Babamla sürdürdüğüm göçebe yaşantı dışarıdan bakana cüretkâr ve devrimci görünebilir ya, işin aslı başkaydı. Amerika’da eyaletler arasında karayolunda yolculuk eden nesnelere dair oldukça nahoş (ve hiç belgelenmemiş) bir Hareket Yasası vardır, delice ilerlese bile kişi aslında hiçbir şeyin olmadığını zanneder. Kişi B noktasına hep sonsuz bir düş kırıklığıyla, enerji ve fiziksel özelliklerde hiçbir değişim olmaksızın varır. Hatırlıyorum, geceleri bazen tavana bakar ve gerçek bir şey, beni değiştirecek
bir şey olsun diye dua ederdim ve Tanrı, her seferinde baktığım tavanın kişiliğine bürünürdü.

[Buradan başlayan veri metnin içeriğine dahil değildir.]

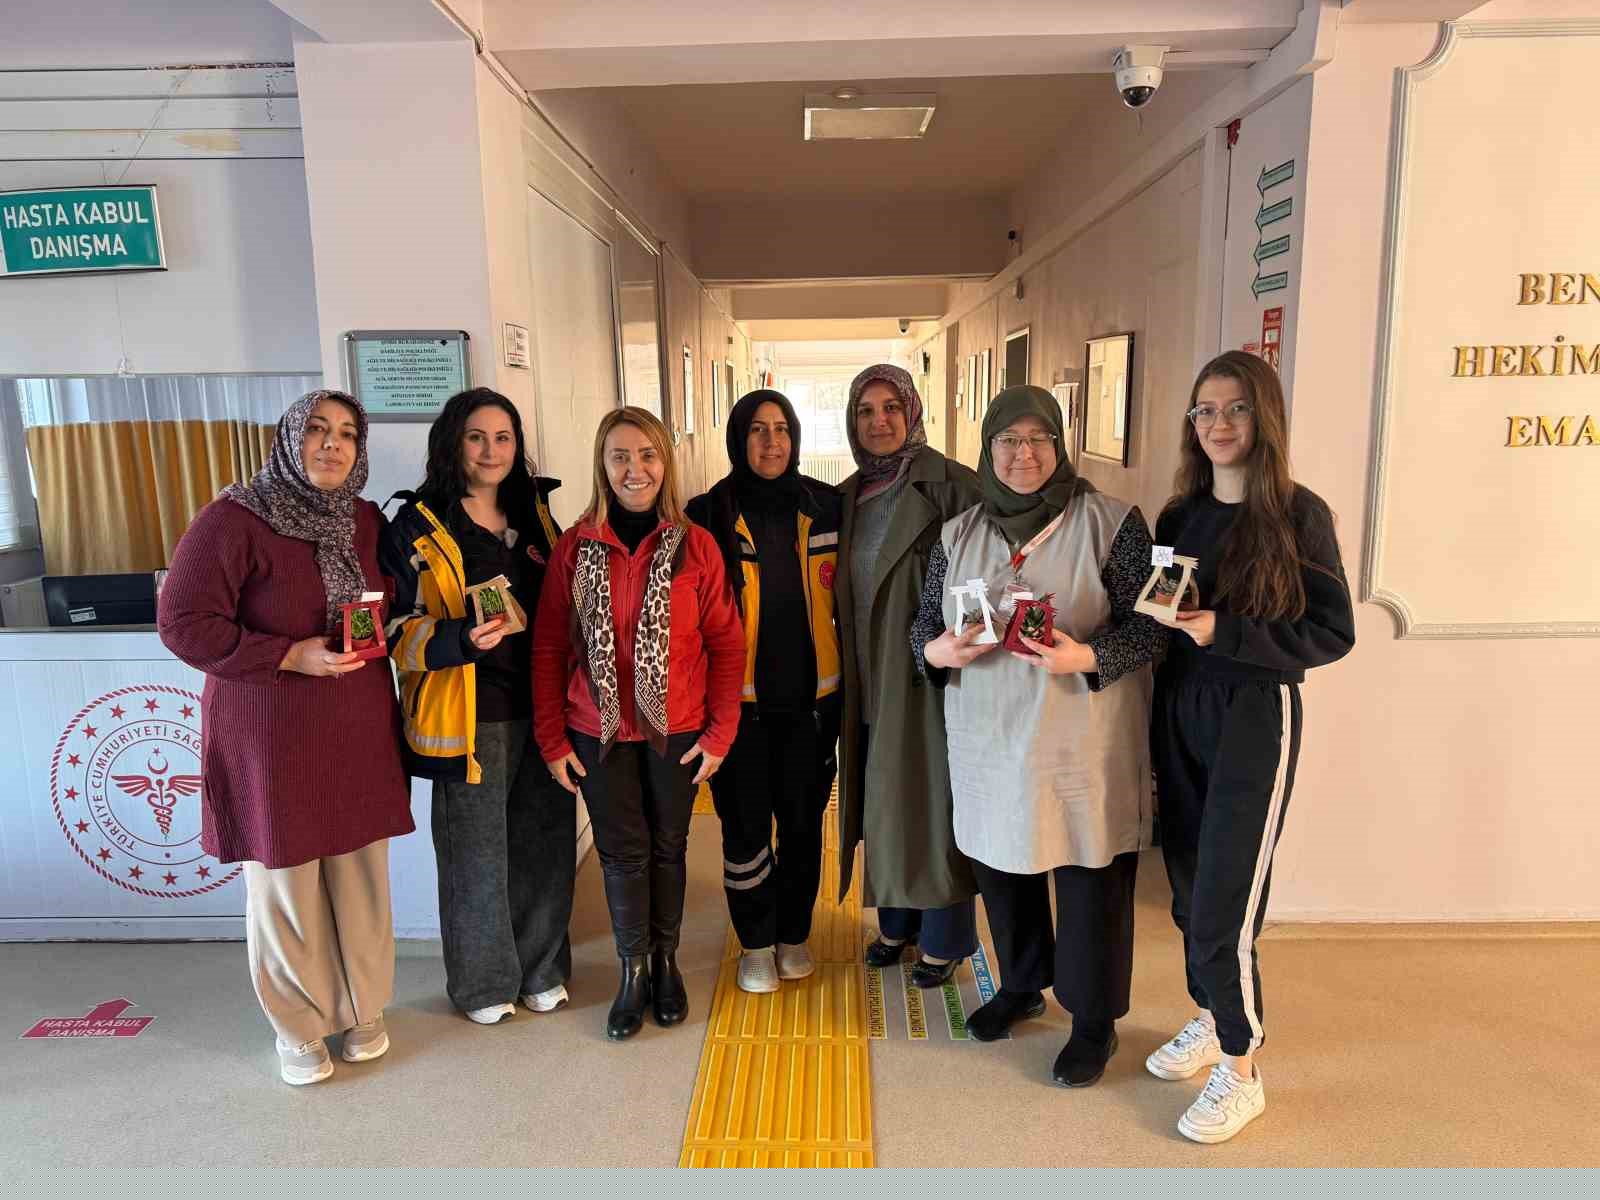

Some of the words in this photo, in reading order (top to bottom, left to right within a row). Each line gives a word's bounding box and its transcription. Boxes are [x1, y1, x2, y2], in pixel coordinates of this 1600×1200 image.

[3, 204, 70, 229] HASTA
[73, 201, 148, 225] KABUL
[29, 233, 128, 260] DANIŞMA
[92, 725, 168, 789] CUMHURİYETİ
[94, 795, 137, 851] TÜRKİYE
[40, 1019, 90, 1028] HASTA
[94, 1019, 142, 1028] KABUL
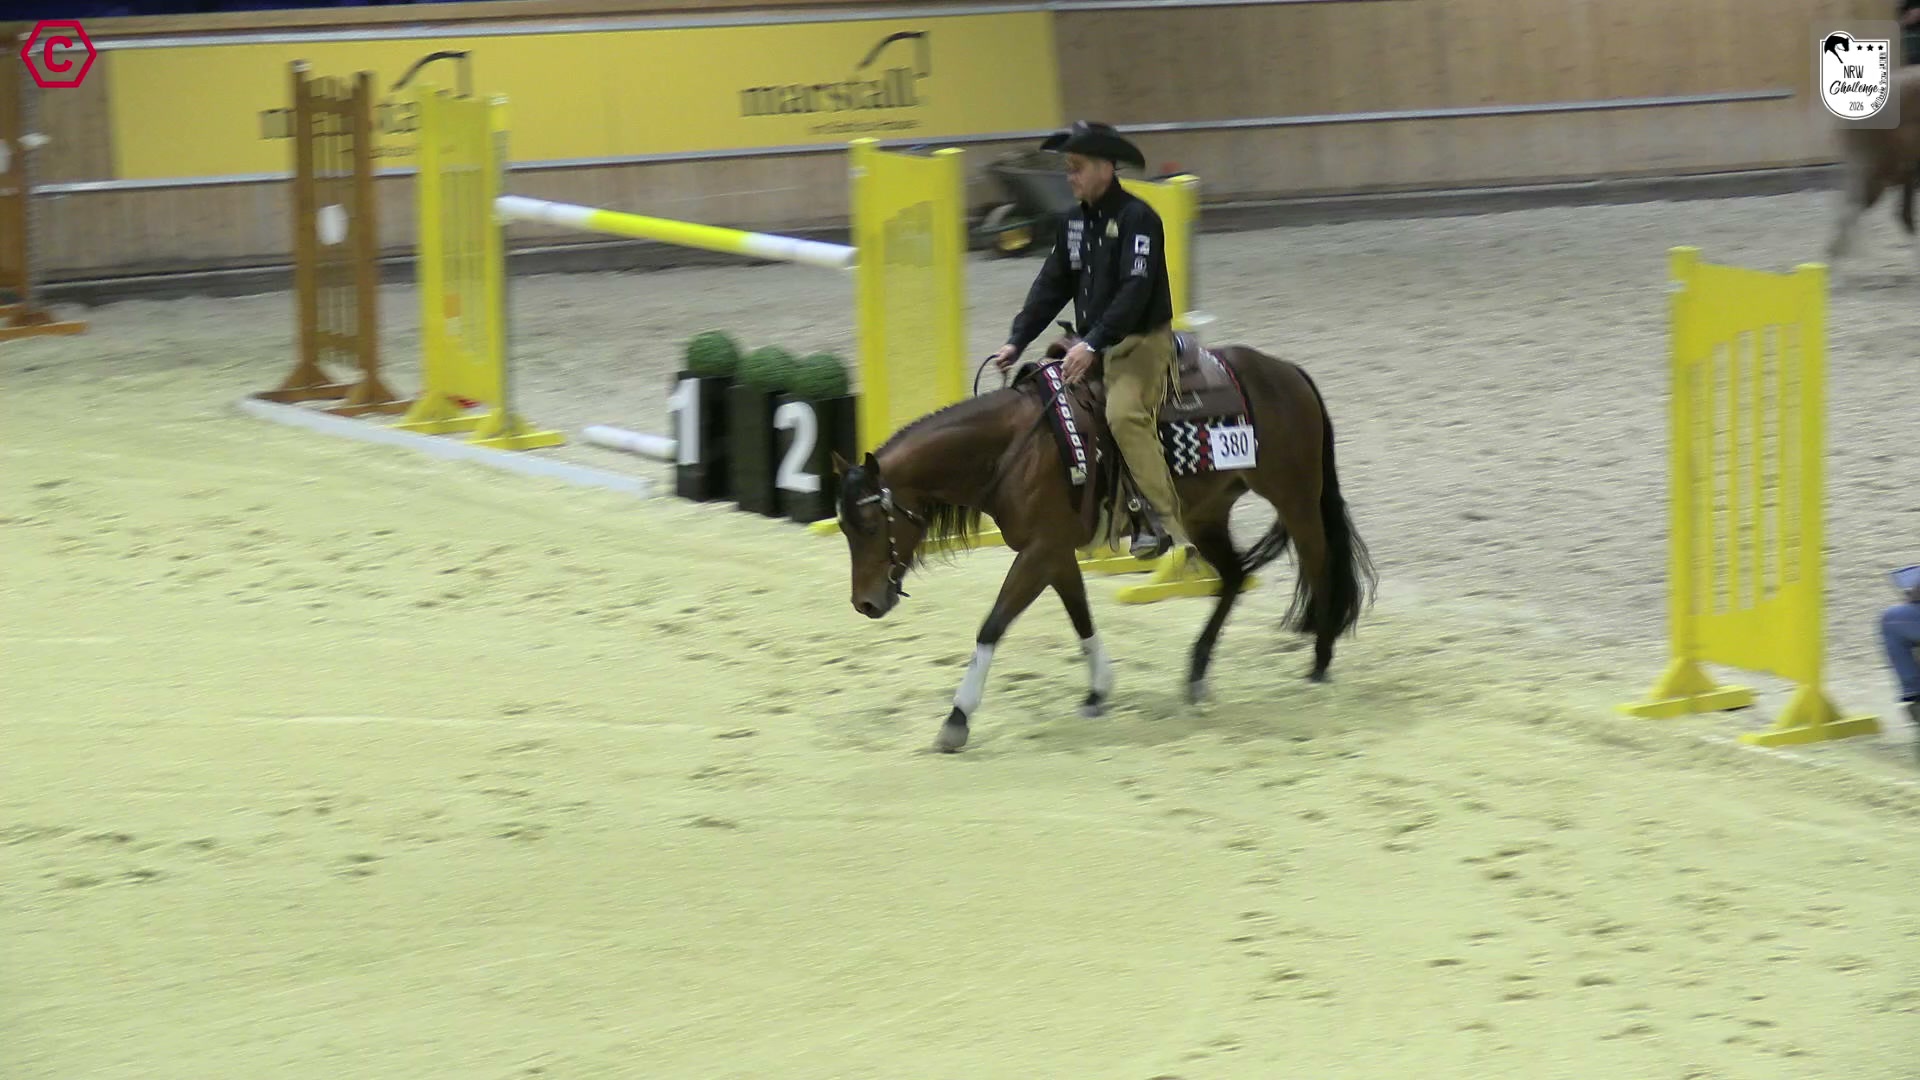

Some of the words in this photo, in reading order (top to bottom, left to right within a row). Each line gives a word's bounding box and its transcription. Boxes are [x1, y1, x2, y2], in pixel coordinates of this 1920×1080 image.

[739, 67, 921, 117] marstall
[667, 377, 700, 465] 1
[773, 401, 821, 493] 2
[1219, 431, 1249, 458] 380
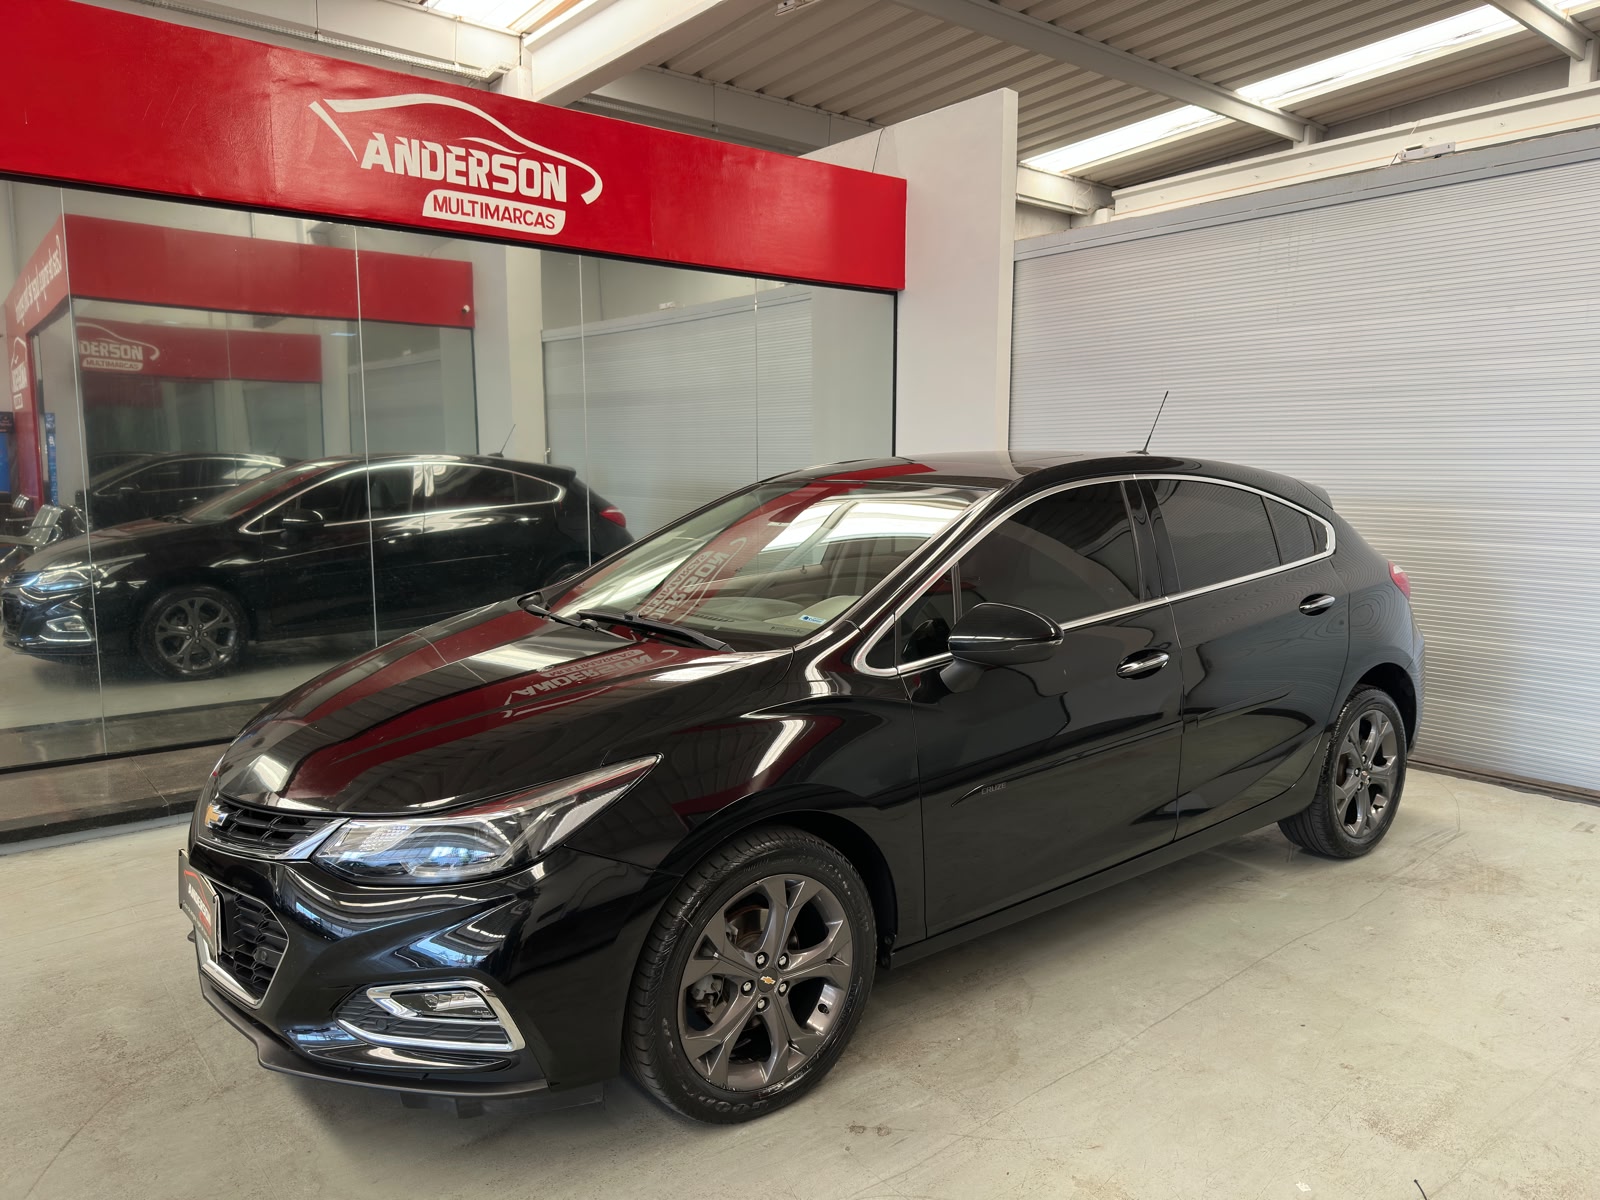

Tavana pencereden giren ay ışığıyla yaprakların gölgeleri vuruyorsa Tanrı büyüleyici ve şiirseldi. Tavan hafif yamuksa Tanrı dinlemeye meyilli demekti. Tavanın köşesinde solmuş bir su lekesi duruyorsa pek çok fırtınayı atlatmıştı ve benimkini de atlatacaktı.
Tepedeki lambanın yanında gazete veya ayakkabıyla ezilmiş altı veya sekiz bacaklı bir şey varsa Tanrı, intikamcı demekti.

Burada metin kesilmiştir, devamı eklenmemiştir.